* **What is required**:
Exact copy, no pictures: restate each entry below word for word.

* **Source data**:
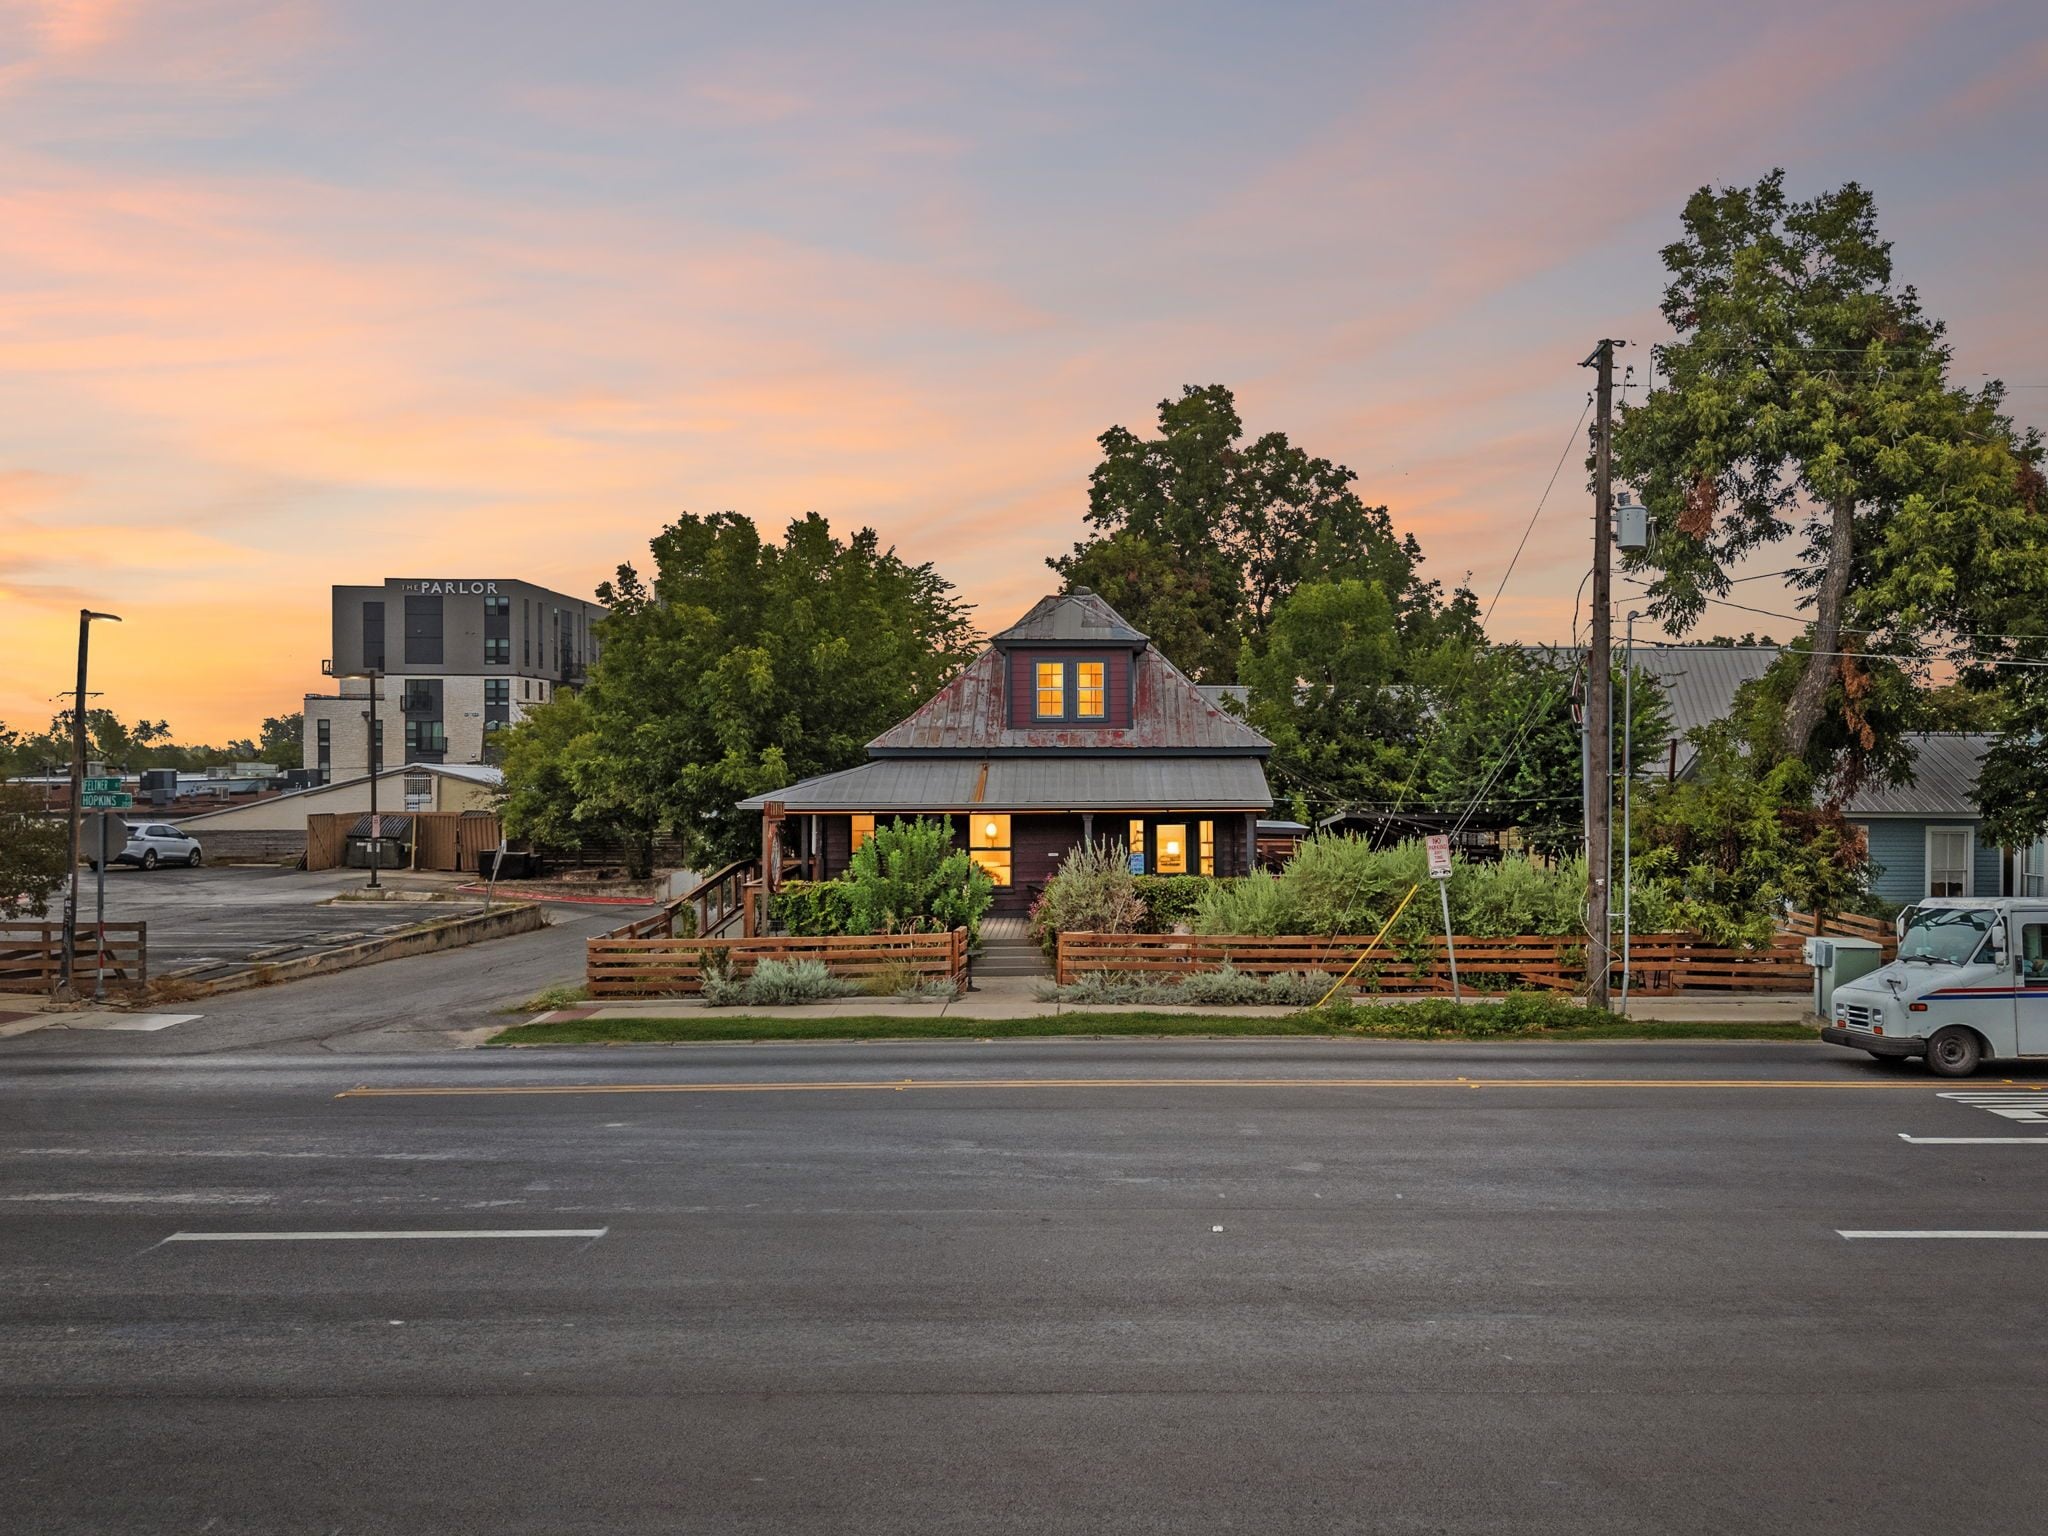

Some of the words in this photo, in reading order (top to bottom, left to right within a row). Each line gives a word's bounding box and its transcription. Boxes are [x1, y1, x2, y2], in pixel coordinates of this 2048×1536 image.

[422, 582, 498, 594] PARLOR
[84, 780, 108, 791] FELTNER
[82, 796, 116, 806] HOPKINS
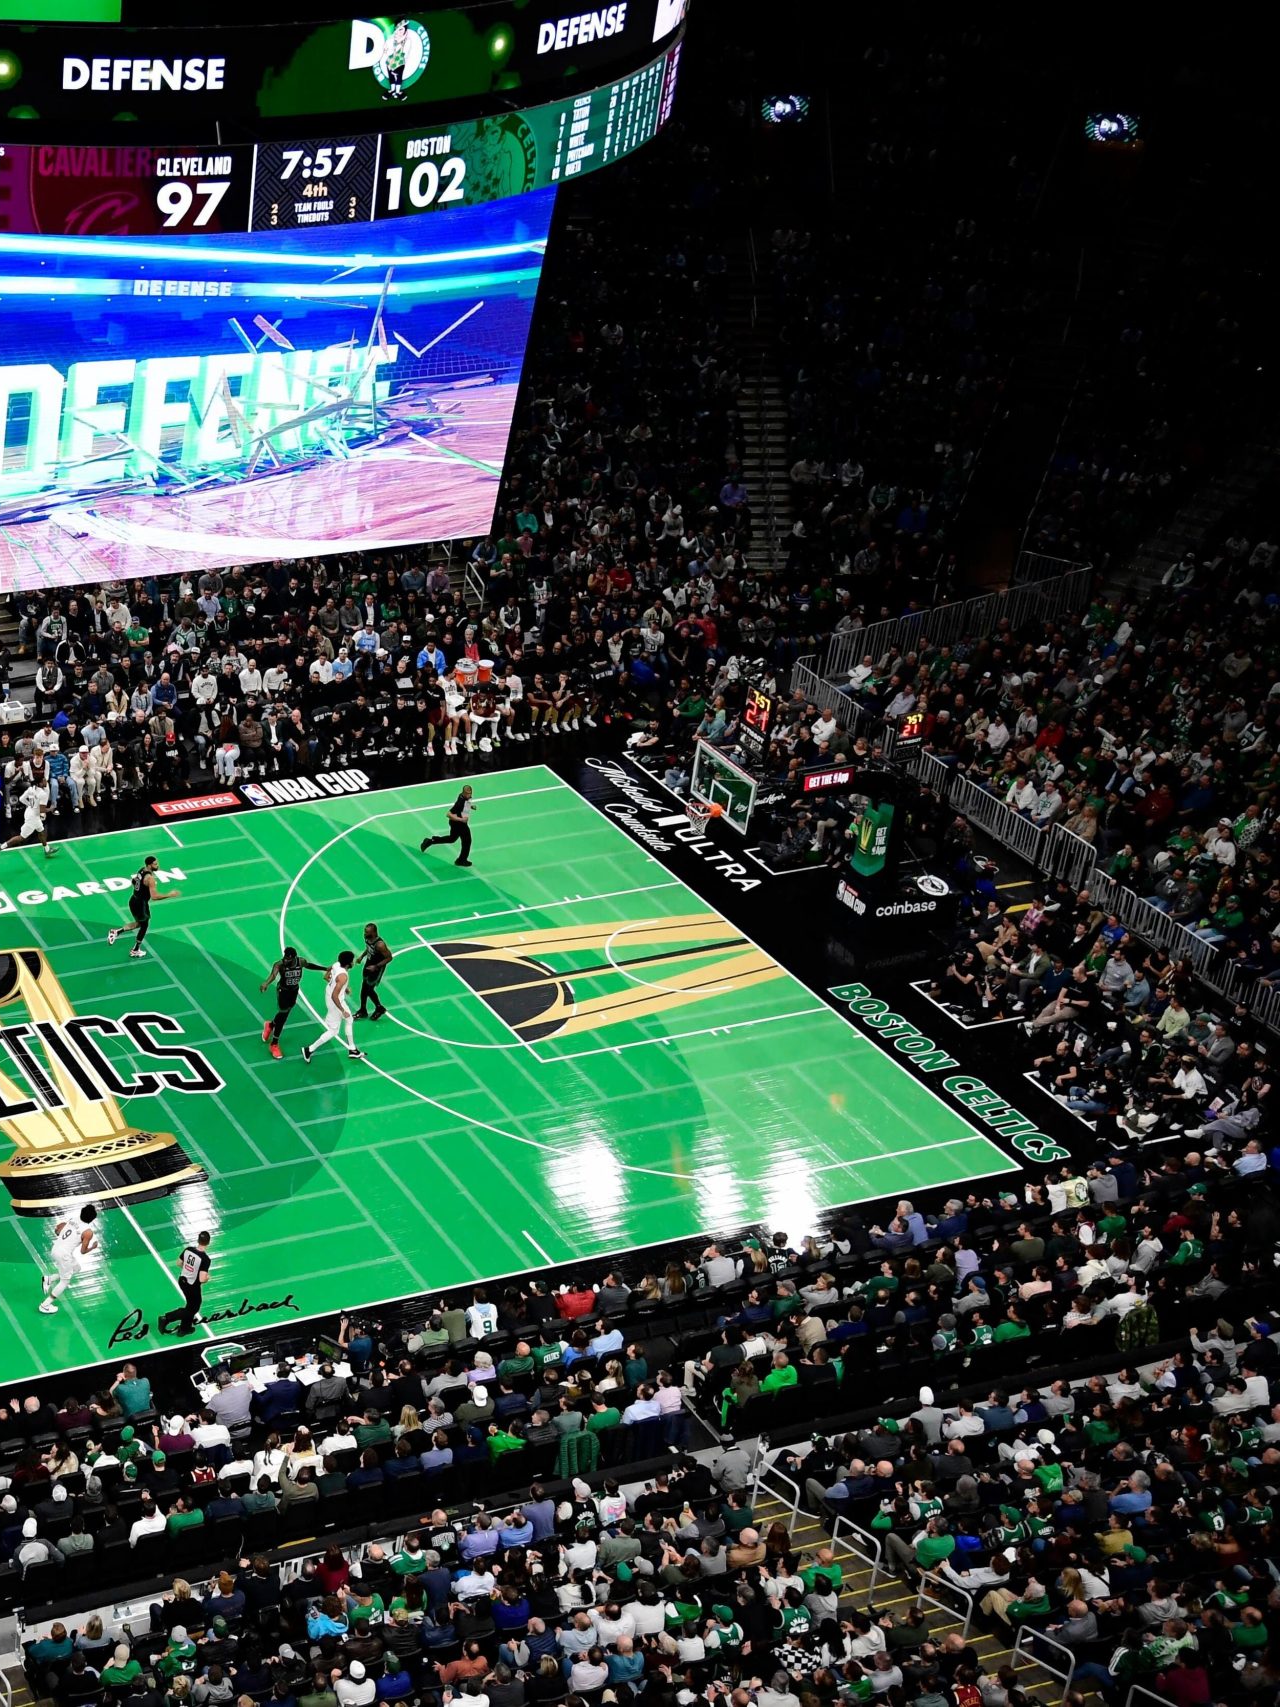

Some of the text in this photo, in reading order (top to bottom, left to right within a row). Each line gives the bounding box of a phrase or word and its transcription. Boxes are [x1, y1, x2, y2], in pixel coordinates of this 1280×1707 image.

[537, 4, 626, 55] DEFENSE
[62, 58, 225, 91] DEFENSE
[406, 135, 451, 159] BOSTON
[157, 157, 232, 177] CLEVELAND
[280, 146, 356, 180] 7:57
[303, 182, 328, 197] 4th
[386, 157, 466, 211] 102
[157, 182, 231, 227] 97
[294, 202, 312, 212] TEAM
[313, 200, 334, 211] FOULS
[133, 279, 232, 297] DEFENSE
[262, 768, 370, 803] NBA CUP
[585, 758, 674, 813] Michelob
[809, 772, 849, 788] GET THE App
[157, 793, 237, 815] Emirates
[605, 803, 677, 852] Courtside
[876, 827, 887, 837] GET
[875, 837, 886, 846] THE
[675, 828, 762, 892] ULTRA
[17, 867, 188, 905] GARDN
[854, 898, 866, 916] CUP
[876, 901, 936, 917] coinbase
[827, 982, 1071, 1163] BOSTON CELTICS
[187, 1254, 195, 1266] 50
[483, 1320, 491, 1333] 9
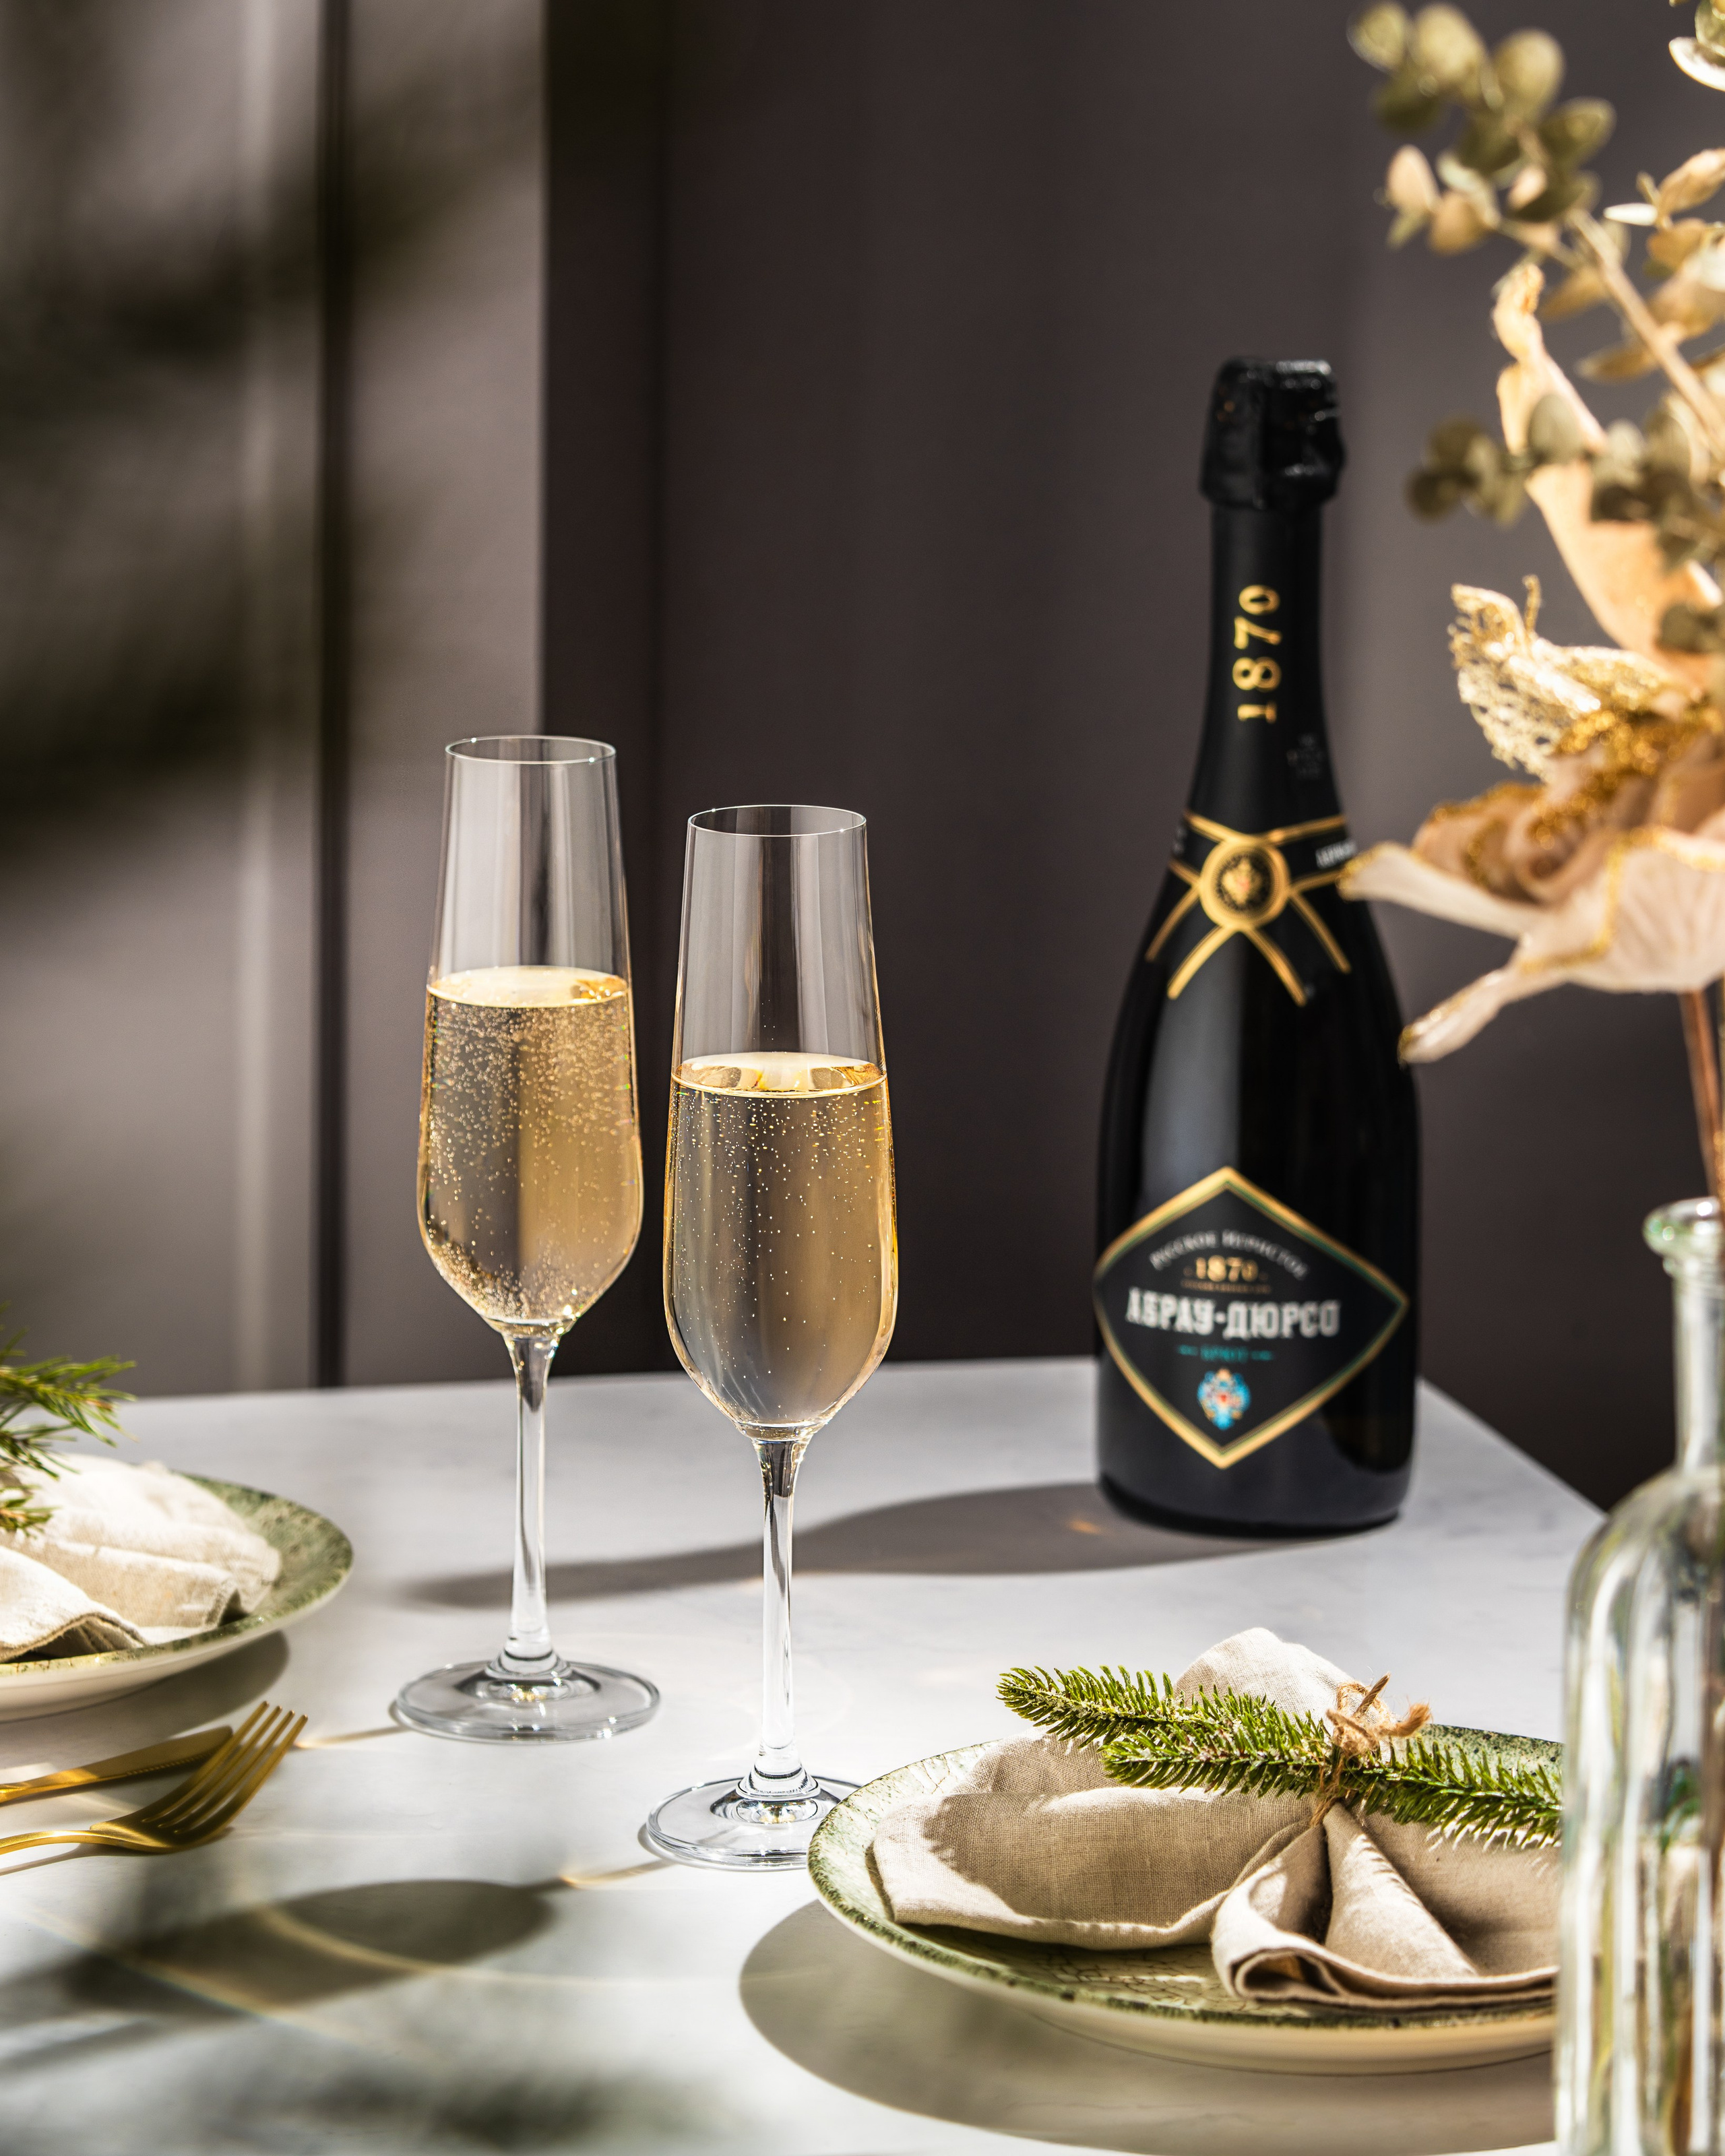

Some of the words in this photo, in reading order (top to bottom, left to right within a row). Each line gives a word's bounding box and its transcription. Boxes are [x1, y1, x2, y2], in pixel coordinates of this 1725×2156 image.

* **Task response**:
Some of the words in this photo, in reading order (top to bottom, left to right within a row). Each line gives a word's bounding box and its transcription. Boxes are [x1, y1, x2, y2], in pixel coordinates of this 2048×1536 image.

[422, 582, 498, 594] PARLOR
[84, 780, 108, 791] FELTNER
[82, 796, 116, 806] HOPKINS

Some of the text in this photo, in reading order (top to bottom, left to right within a row). Each line gives the bounding box of a phrase or word and its transcription. Boxes are [x1, y1, x2, y2], in pixel coordinates of this 1280×1707 image.

[537, 4, 626, 55] DEFENSE
[62, 58, 225, 91] DEFENSE
[406, 135, 451, 159] BOSTON
[157, 157, 232, 177] CLEVELAND
[280, 146, 356, 180] 7:57
[303, 182, 328, 197] 4th
[386, 157, 466, 211] 102
[157, 182, 231, 227] 97
[294, 202, 312, 212] TEAM
[313, 200, 334, 211] FOULS
[133, 279, 232, 297] DEFENSE
[262, 768, 370, 803] NBA CUP
[585, 758, 674, 813] Michelob
[809, 772, 849, 788] GET THE App
[157, 793, 237, 815] Emirates
[605, 803, 677, 852] Courtside
[876, 827, 887, 837] GET
[875, 837, 886, 846] THE
[675, 828, 762, 892] ULTRA
[17, 867, 188, 905] GARDN
[854, 898, 866, 916] CUP
[876, 901, 936, 917] coinbase
[827, 982, 1071, 1163] BOSTON CELTICS
[187, 1254, 195, 1266] 50
[483, 1320, 491, 1333] 9

Some of the words in this photo, in reading order (top to bottom, left to right within a row). Each line gives a word's bounding box and its transcription. Boxes are [x1, y1, x2, y2], in pixel coordinates of this 1725×2156 image.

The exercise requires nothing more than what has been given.